PROMPT
Each entry is to be reproduced verbatim, and images are to be omitted.

RECORDS SHOWN
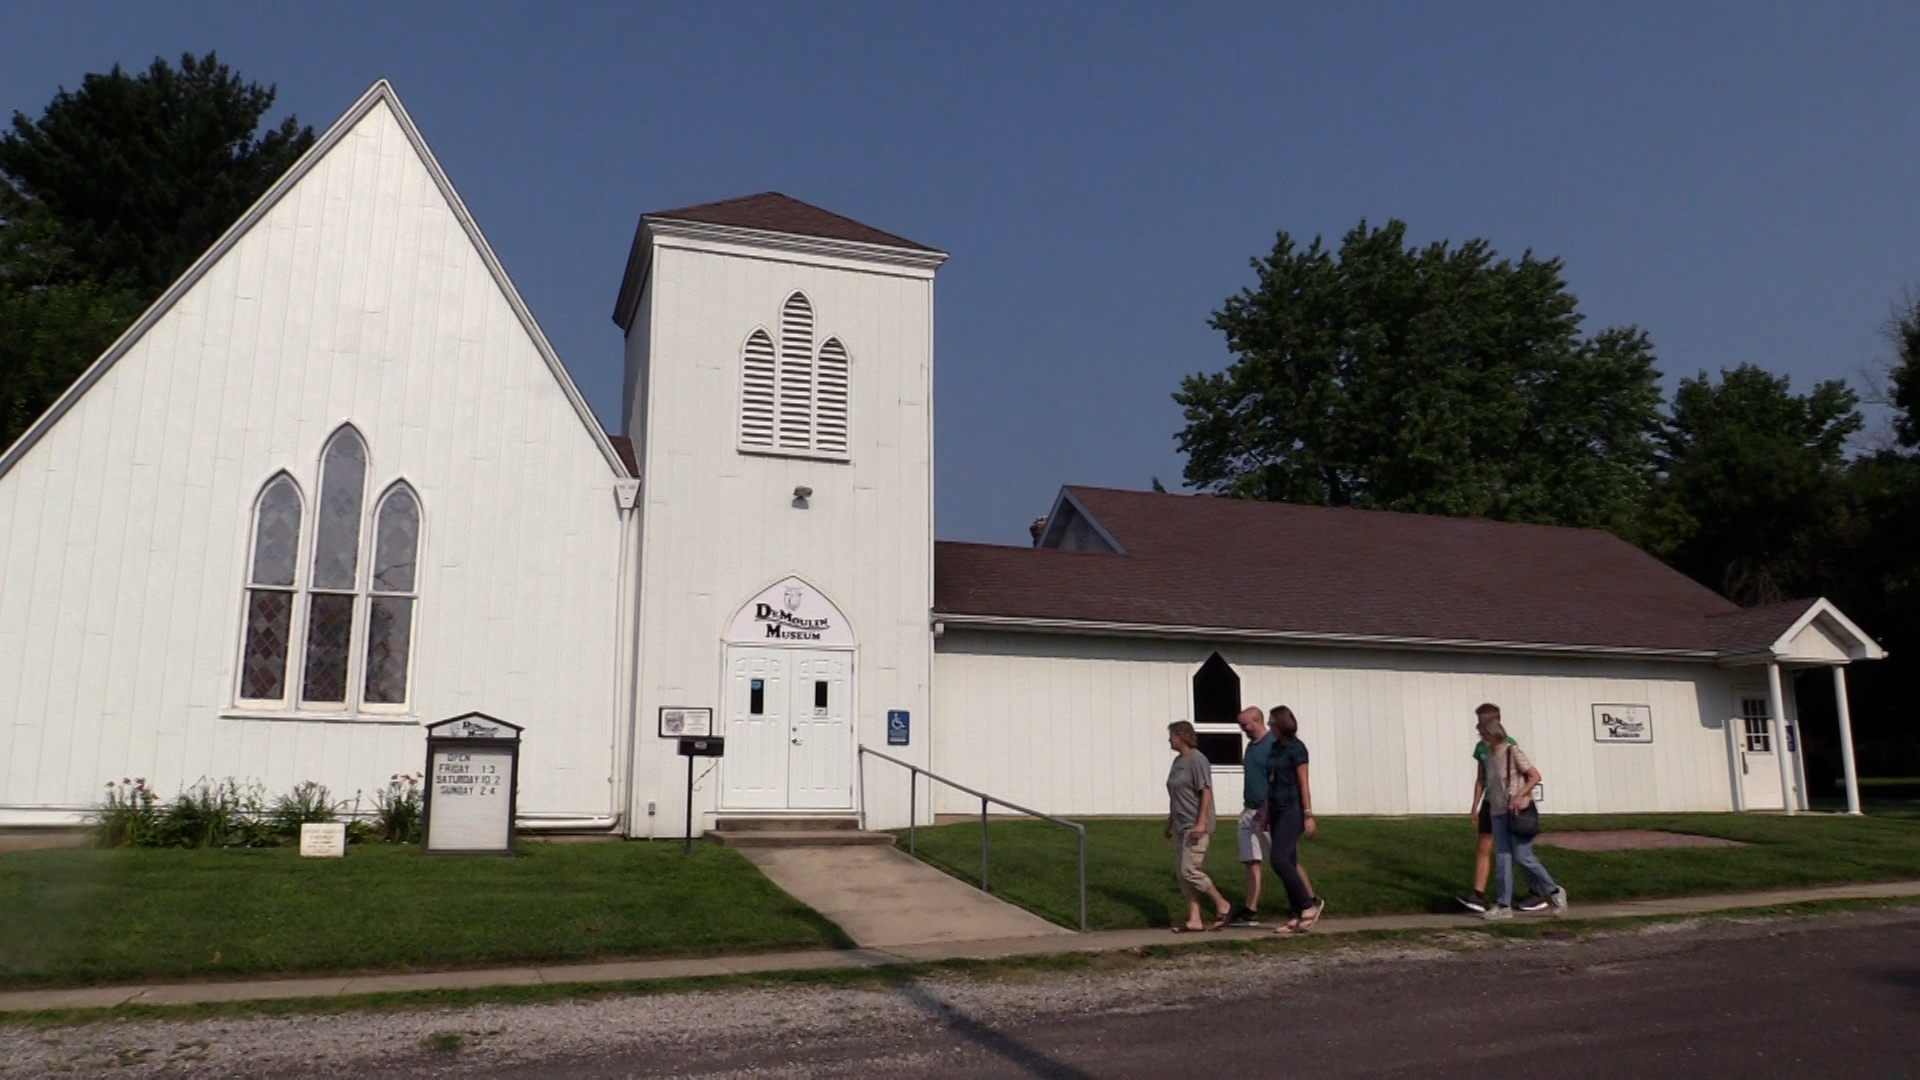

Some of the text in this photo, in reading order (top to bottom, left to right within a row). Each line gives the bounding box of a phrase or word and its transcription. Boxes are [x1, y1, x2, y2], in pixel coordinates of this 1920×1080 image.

[765, 623, 821, 640] MUSEUM
[447, 752, 471, 762] OPEN
[439, 763, 470, 774] FRIDAY
[435, 775, 480, 784] SATURDAY
[440, 785, 474, 796] SUNDAY

SOLUTION TO THE EXERCISE
Some of the text in this photo, in reading order (top to bottom, left to right within a row). Each line gives the bounding box of a phrase or word and its transcription. Boxes are [x1, y1, x2, y2], in pixel coordinates of this 1920×1080 image.

[765, 623, 821, 640] MUSEUM
[447, 752, 471, 762] OPEN
[439, 763, 470, 774] FRIDAY
[435, 775, 480, 784] SATURDAY
[440, 785, 474, 796] SUNDAY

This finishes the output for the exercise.